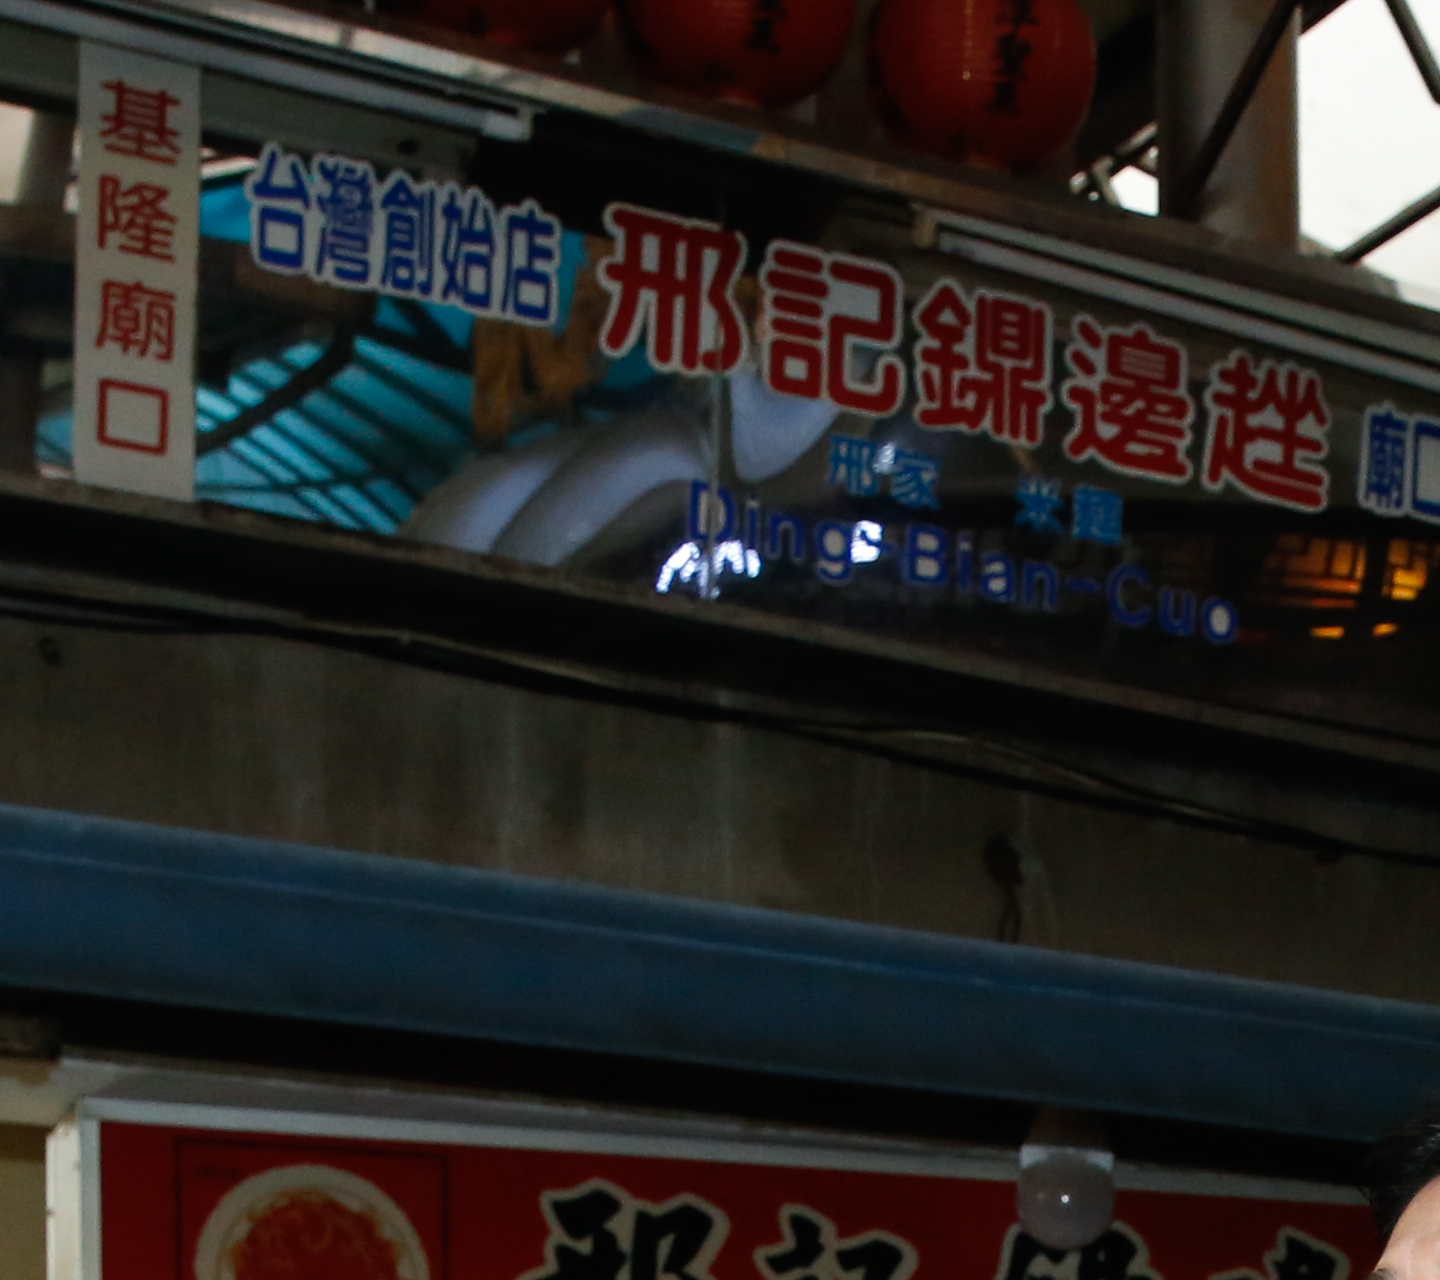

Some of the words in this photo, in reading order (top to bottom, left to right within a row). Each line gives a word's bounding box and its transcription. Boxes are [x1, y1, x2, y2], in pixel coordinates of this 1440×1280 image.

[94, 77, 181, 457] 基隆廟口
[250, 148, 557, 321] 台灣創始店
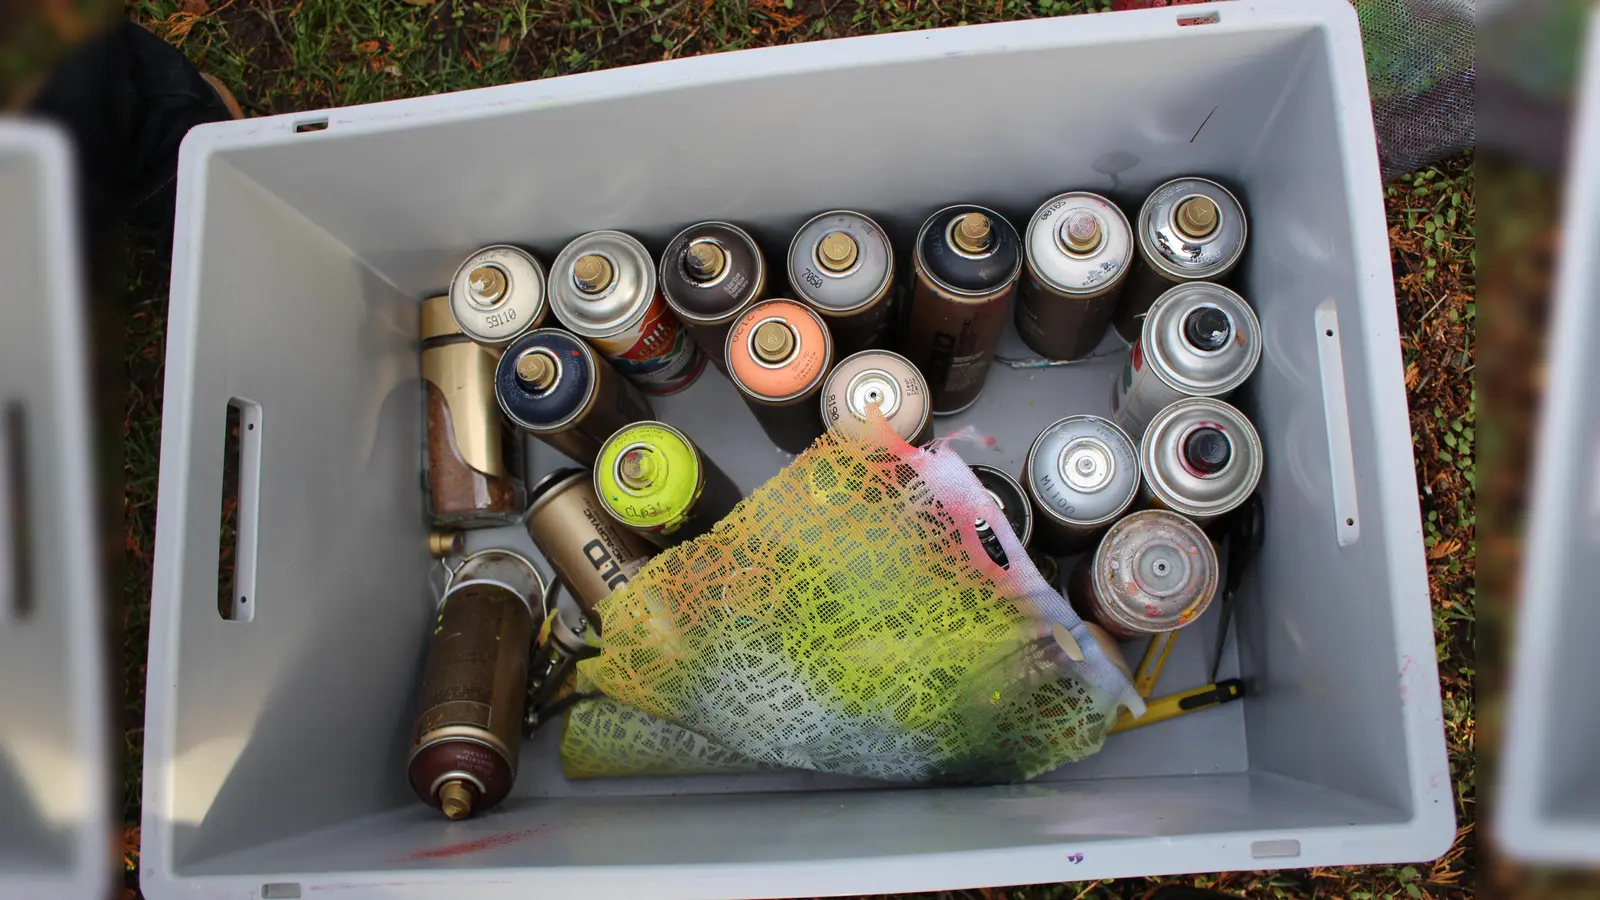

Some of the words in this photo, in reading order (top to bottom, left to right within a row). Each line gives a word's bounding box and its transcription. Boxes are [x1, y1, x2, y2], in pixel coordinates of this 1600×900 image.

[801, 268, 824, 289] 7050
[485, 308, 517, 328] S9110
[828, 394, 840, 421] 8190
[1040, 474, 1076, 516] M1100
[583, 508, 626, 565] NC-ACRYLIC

→ WHAT YOU ARE ASKED TO DO: All lines from the one containing "this 1600×900 image." through the end of the records, both ends included, are to be quoted exactly; please add nothing else.

→ THE COMPLETED TASK:
Some of the words in this photo, in reading order (top to bottom, left to right within a row). Each line gives a word's bounding box and its transcription. Boxes are [x1, y1, x2, y2], in pixel coordinates of this 1600×900 image.

[801, 268, 824, 289] 7050
[485, 308, 517, 328] S9110
[828, 394, 840, 421] 8190
[1040, 474, 1076, 516] M1100
[583, 508, 626, 565] NC-ACRYLIC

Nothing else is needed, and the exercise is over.